According to embodiments of the present disclosure, the computer-readable storage medium may be a non-volatile computer-readable storage medium, which may include, for example, but is not limited to: a portable computer diskette, a hard disk, a Random Access Memory (RAM), a read-only memory (ROM), an erasable programmable read-only memory (EPROM or flash memory), a portable compact disc read-only memory (CD-ROM), an optical storage device, a magnetic storage device, or any suitable combination of the foregoing. In the context of this disclosure, a computer-readable storage medium may be any tangible medium that can contain, or store a program for use by or in connection with an instruction execution system, apparatus, or device. For example, according to embodiments of the present disclosure, the computer-readable storage medium may include ROM 902 and/or RAM 903 and/or one or more memories other than ROM 902 and RAM 903 described above.
Embodiments of the present disclosure also include a computer program product comprising a computer program containing program code for performing the methods shown in the flowcharts. The program code, when executed in a computer system, causes the computer system to implement the text recognition model training method and the text recognition method provided by embodiments of the present disclosure.
The above-described functions defined in the system/apparatus of the embodiments of the present disclosure are performed when the computer program is executed by the processor 901. The systems, apparatus, modules, units, etc. described above may be implemented by computer program modules according to embodiments of the disclosure.
In one embodiment, the computer program may be based on a tangible storage medium such as an optical storage device, a magnetic storage device, or the like. In another embodiment, the computer program may also be transmitted, distributed, and downloaded and installed in the form of a signal on a network medium, via communication portion 909, and/or installed from removable medium 911. The computer program may include program code that may be transmitted using any appropriate network medium, including but not limited to: wireless, wired, etc., or any suitable combination of the foregoing.

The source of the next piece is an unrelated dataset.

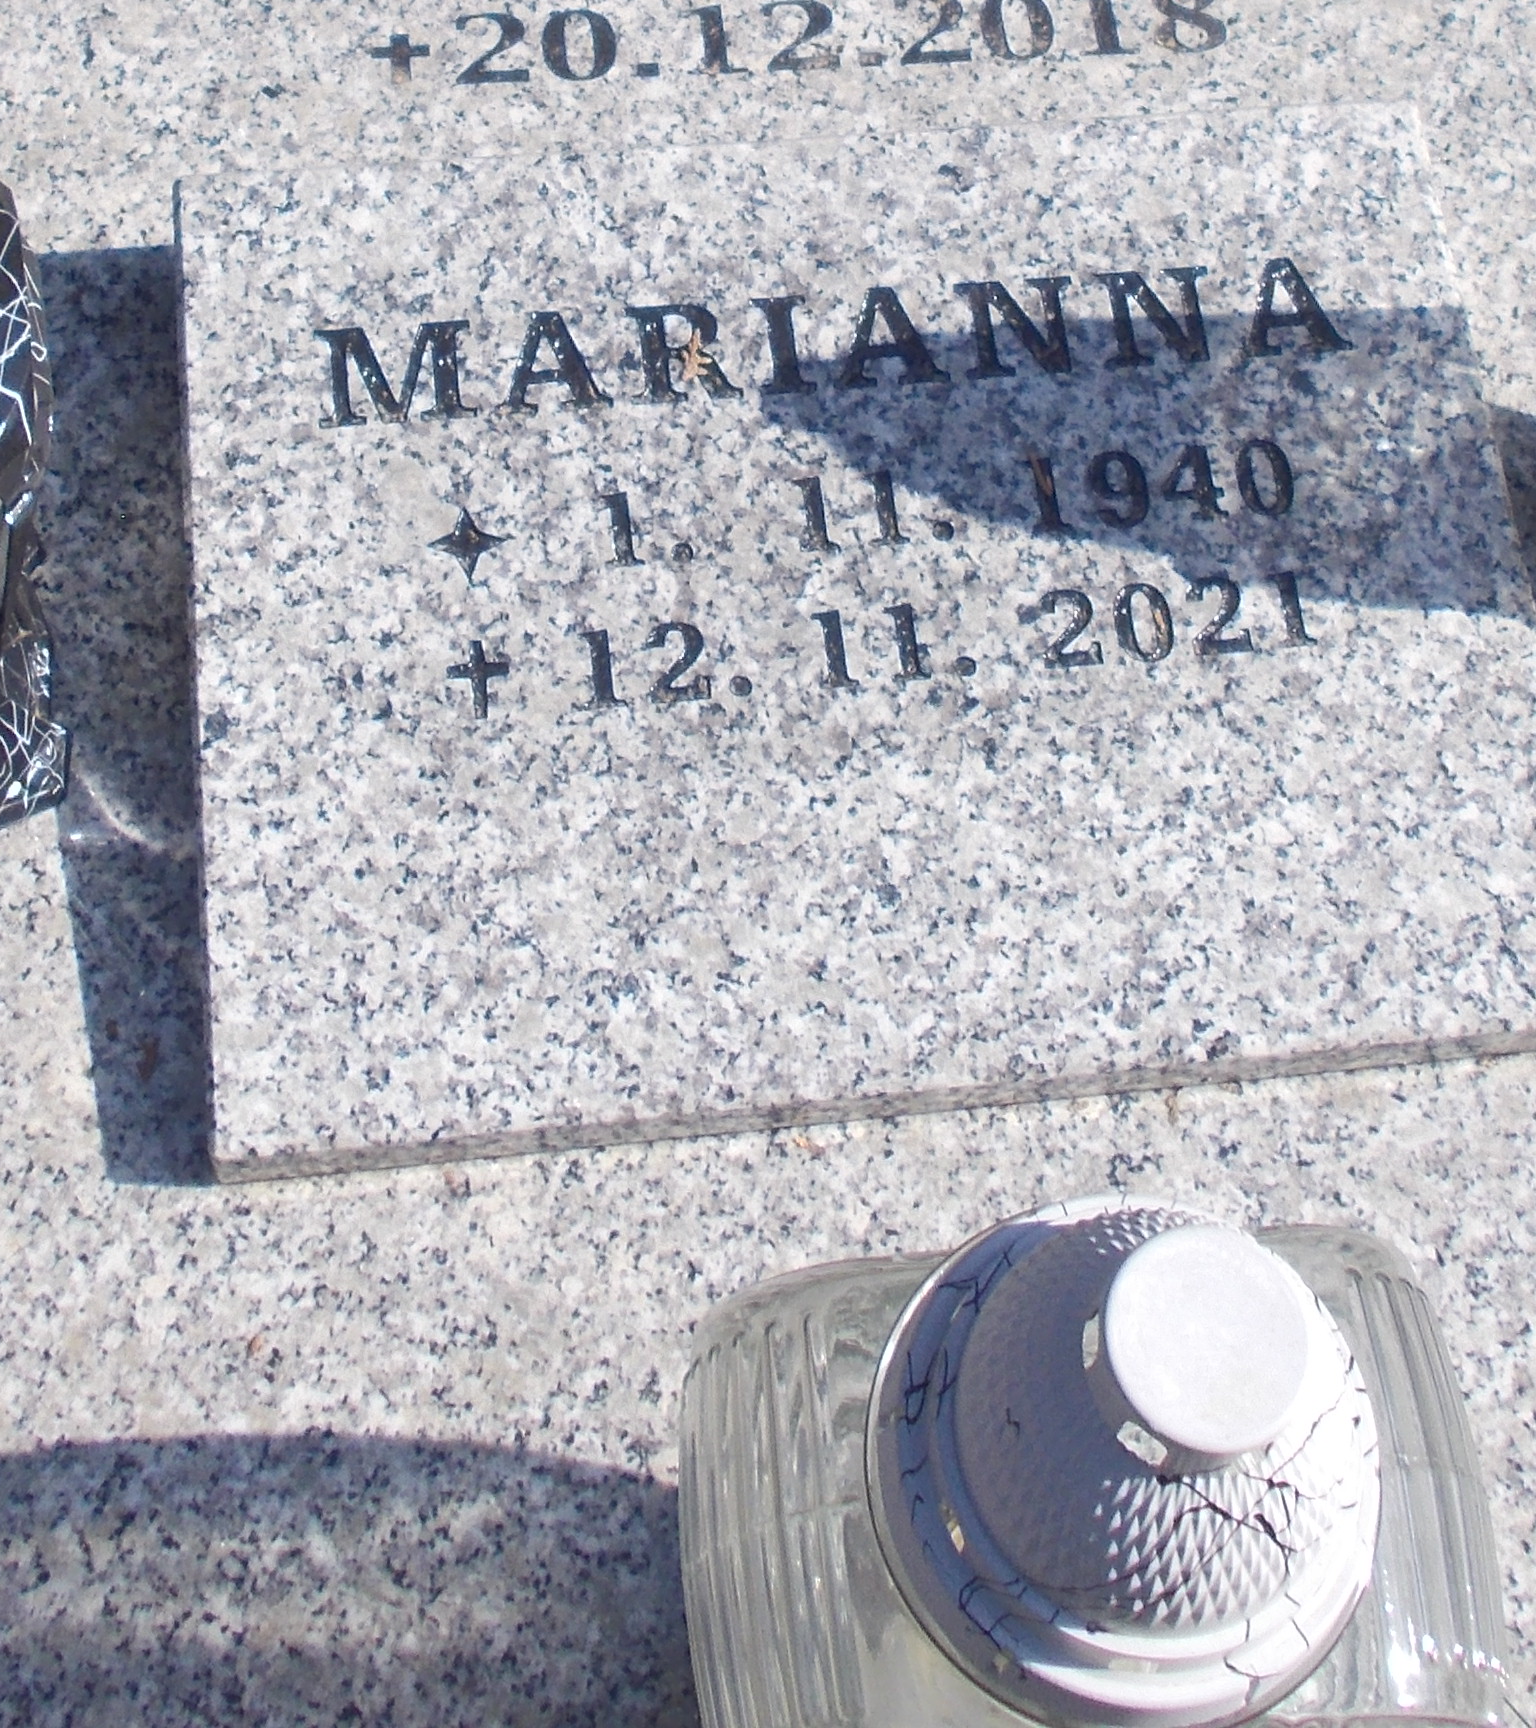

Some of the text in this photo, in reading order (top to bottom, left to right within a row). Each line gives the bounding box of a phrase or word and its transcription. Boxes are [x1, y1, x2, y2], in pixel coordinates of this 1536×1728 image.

[314, 256, 1353, 429] MARIANNA
[1022, 438, 1296, 535] 1940
[579, 619, 754, 710] 12.
[1034, 570, 1319, 670] 2021

In such an embodiment, the computer program may be downloaded and installed from the network via the communication portion 909 and/or installed from the removable medium 911. The above-described functions defined in the system of the embodiments of the present disclosure are performed when the computer program is executed by the processor 901. The systems, devices, apparatus, modules, units, etc. described above may be implemented by computer program modules according to embodiments of the disclosure.
According to embodiments of the present disclosure, program code for performing computer programs provided by embodiments of the present disclosure may be written in any combination of one or more programming languages, and in particular, such computer programs may be implemented in high-level procedural and/or object-oriented programming languages, and/or assembly/machine languages. Programming languages include, but are not limited to, such as Java, c++, python, "C" or similar programming languages. The program code may execute entirely on the user's computing device, partly on the user's device, partly on a remote computing device, or entirely on the remote computing device or server. In the case of remote computing devices, the remote computing device may be connected to the user computing device through any kind of network, including a Local Area Network (LAN) or a Wide Area Network (WAN), or may be connected to an external computing device (e.g., connected via the Internet using an Internet service provider).

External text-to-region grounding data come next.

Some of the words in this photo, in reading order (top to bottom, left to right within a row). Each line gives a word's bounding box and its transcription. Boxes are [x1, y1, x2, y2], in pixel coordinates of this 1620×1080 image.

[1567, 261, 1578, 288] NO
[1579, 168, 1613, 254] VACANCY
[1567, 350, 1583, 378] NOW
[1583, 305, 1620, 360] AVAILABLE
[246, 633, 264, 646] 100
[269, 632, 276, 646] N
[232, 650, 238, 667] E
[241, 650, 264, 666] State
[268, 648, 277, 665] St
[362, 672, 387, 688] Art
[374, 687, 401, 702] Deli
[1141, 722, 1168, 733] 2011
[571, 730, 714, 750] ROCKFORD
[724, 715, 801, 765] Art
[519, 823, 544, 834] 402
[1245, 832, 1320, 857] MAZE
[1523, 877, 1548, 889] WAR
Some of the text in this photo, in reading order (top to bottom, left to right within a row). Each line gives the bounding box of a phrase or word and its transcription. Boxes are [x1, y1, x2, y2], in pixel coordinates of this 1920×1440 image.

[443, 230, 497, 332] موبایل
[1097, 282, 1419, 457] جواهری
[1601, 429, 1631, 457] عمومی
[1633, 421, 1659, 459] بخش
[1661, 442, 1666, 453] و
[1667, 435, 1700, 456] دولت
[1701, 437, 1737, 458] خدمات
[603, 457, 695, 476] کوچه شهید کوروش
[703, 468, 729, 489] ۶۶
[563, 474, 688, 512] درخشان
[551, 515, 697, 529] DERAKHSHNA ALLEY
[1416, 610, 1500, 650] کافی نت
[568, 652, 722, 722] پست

The flowcharts and block diagrams in the figures illustrate the architecture, functionality, and operation of possible implementations of systems, methods and computer program products according to various embodiments of the present disclosure. In this regard, each block in the flowchart or block diagrams may represent a module, segment, or portion of code, which comprises one or more executable instructions for implementing the specified logical function(s). It should also be noted that, in some alternative implementations, the functions noted in the block may occur out of the order noted in the figures. For example, two blocks shown in succession may, in fact, be executed substantially concurrently, or the blocks may sometimes be executed in the reverse order, depending upon the functionality involved. It will also be noted that each block of the block diagrams or flowchart illustration, and combinations of blocks in the block diagrams or flowchart illustration, can be implemented by special purpose hardware-based systems which perform the specified functions or acts, or combinations of special purpose hardware and computer instructions.
Those skilled in the art will appreciate that the features recited in the various embodiments of the disclosure and/or in the claims may be provided in a variety of combinations and/or combinations, even if such combinations or combinations are not explicitly recited in the disclosure. In particular, the features recited in the various embodiments of the present disclosure and/or the claims may be variously combined and/or combined without departing from the spirit and teachings of the present disclosure. All such combinations and/or combinations fall within the scope of the present disclosure.
The embodiments of the present disclosure are described above. However, these examples are for illustrative purposes only and are not intended to limit the scope of the present disclosure. Although the embodiments are described above separately, this does not mean that the measures in the embodiments cannot be used advantageously in combination. The scope of the disclosure is defined by the appended claims and equivalents thereof. Various alternatives and modifications can be made by those skilled in the art without departing from the scope of the disclosure, and such alternatives and modifications are intended to fall within the scope of the disclosure.

Claims (11)

1. A text recognition model training method, the text recognition model comprising: a visual feature extraction sub-model, a text feature extraction sub-model, and a fusion feature sub-model, the method comprising:
Inputting a sample image into the visual feature extraction sub-model to extract spatial features of text information in the sample image and output visual features;
inputting the visual features into the text feature extraction submodel to perform text correction processing, and outputting text features corresponding to the text information;
based on a plurality of attribute categories of the sample image, carrying out feature fusion on the visual features and the text features by utilizing the feature fusion submodel, and outputting a text prediction result corresponding to the fused features and related to the sample image;
determining a model loss value of the text recognition model based on the visual feature, the text prediction result, and a text label corresponding to the sample image;
and respectively optimizing the visual feature extraction sub-model, the text feature extraction sub-model and the fusion feature sub-model based on the model loss value to obtain a trained text recognition model.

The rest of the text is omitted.